• _Work instruction_: Print every line of the material below exactly as it stands, but omit the pictures.

• _Data to use_:
-- Opening Marker --

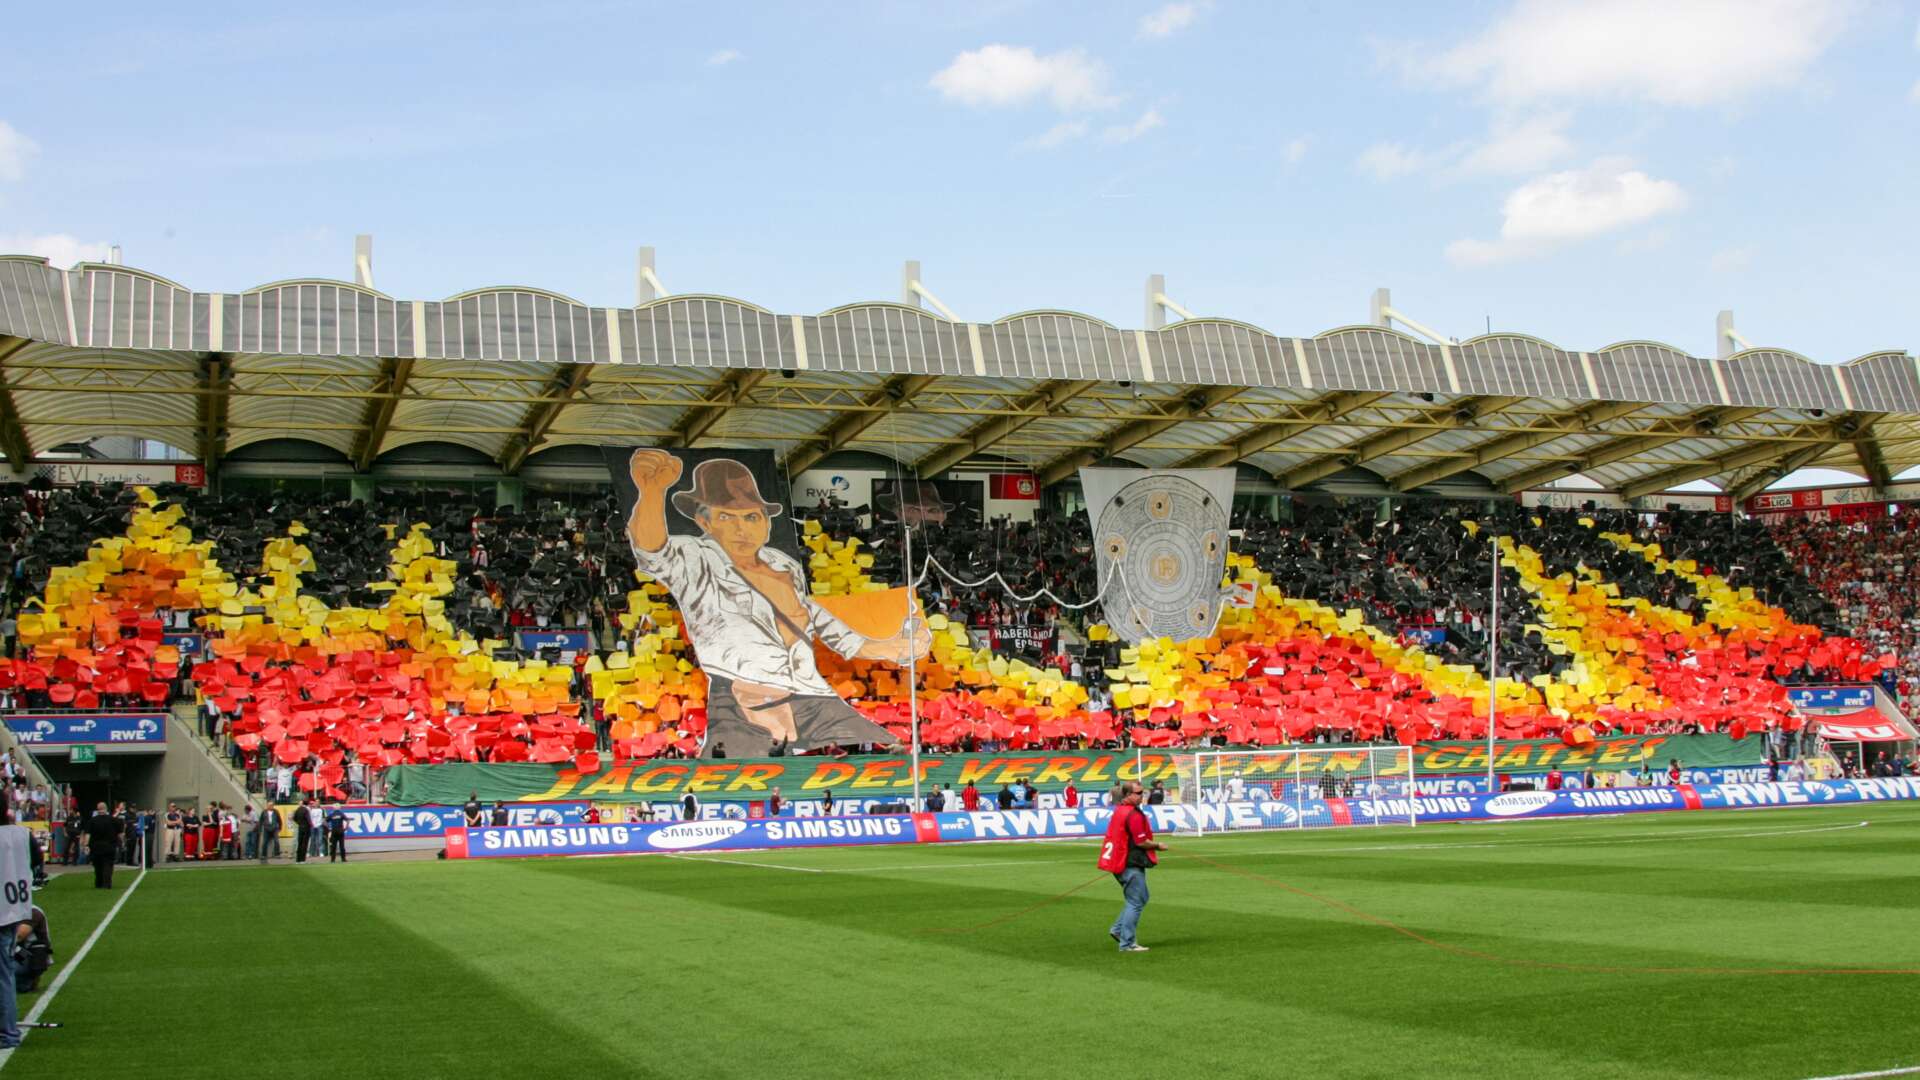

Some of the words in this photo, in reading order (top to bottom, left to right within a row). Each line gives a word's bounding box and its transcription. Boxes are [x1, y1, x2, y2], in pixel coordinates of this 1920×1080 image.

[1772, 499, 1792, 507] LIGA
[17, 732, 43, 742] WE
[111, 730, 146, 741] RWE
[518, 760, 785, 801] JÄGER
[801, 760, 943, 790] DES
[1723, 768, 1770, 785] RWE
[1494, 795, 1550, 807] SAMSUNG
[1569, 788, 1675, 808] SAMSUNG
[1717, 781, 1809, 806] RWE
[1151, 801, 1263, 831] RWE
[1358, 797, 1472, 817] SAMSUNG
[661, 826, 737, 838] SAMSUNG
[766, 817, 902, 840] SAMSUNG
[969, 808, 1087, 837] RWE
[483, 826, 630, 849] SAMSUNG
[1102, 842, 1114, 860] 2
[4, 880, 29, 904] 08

-- Closing Marker --

• _Written response_:
Some of the words in this photo, in reading order (top to bottom, left to right within a row). Each line gives a word's bounding box and its transcription. Boxes are [x1, y1, x2, y2], in pixel coordinates of this 1920×1080 image.

[1772, 499, 1792, 507] LIGA
[17, 732, 43, 742] WE
[111, 730, 146, 741] RWE
[518, 760, 785, 801] JÄGER
[801, 760, 943, 790] DES
[1723, 768, 1770, 785] RWE
[1494, 795, 1550, 807] SAMSUNG
[1569, 788, 1675, 808] SAMSUNG
[1717, 781, 1809, 806] RWE
[1151, 801, 1263, 831] RWE
[1358, 797, 1472, 817] SAMSUNG
[661, 826, 737, 838] SAMSUNG
[766, 817, 902, 840] SAMSUNG
[969, 808, 1087, 837] RWE
[483, 826, 630, 849] SAMSUNG
[1102, 842, 1114, 860] 2
[4, 880, 29, 904] 08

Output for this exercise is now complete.